The war in Ukraine has resulted in the largest refugee crisis since World War II. The UN Refugee Agency reports that more than seven million Ukrainians have been displaced within their country, and an additional seven million displaced across borders. The coming winter will only increase the already vast humanitarian needs, as well.
Just in the last month, more than 70,000 residents from the Kherson city area were told to evacuate before Ukrainian forces attacked Russia’s hold on the southern city. Both sides appear to be digging in for prolonged fighting.
When the war first began over eight months ago, most Ukrainians only expected to be away from home for a few weeks. Just a few weeks ago, they dreamed of being home by winter, hoping Russia’s onslaught would have ceased by then. Now, however, due to recent drone attacks, seven regions of Ukraine – including Kyiv – are now basically disconnected from electricity, which means no water or Internet connection and very little satellite access. Because of the infrastructure destruction, Kyiv authorities are considering evacuating the remaining 3 million residents, and the Ministry of International Affairs has asked Ukrainians abroad not to return home until the end of the cold season (April).

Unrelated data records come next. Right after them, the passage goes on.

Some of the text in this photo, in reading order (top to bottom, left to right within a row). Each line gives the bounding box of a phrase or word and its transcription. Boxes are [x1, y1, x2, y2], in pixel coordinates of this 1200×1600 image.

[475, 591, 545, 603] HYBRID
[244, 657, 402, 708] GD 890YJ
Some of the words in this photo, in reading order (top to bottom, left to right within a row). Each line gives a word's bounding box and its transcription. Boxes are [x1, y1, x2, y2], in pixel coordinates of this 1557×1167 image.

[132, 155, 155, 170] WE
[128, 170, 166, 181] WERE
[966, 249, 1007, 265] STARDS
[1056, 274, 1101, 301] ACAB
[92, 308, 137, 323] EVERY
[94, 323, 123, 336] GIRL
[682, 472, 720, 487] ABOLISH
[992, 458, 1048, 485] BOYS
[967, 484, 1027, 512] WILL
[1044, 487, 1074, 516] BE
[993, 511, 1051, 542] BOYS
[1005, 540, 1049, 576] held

Daria, a Ukrainian citizen and director for EEM (Eastern European Mission) in Ukraine, is temporarily staying in Vienna with her mother and daughter. She knows that her apartment in Kyiv, which is on the lower level of a tall building, hasn’t been directly impacted by the bombs; usually, they only affect the top floors of multi-story structures. Yet, the risk is too great for her to return quite yet. She deeply misses her home, her friends and fellow believers in Kyiv.
Daria is not alone. As the war drags on, some refugees have chosen to return to Ukraine, but many others face the discouraging realization that they will not be going home soon, if they have homes to return to at all. Like Daria, some of them know their homes are intact, but as Russian airstrikes continue over the nation’s major cities, many Ukrainians wouldn’t feel safe yet.
So, they’re biding their time, waiting for the end of a war that shows no signs of ending soon, longing for home and holding tightly to their last bit of hope. “We just want to go home,” they say.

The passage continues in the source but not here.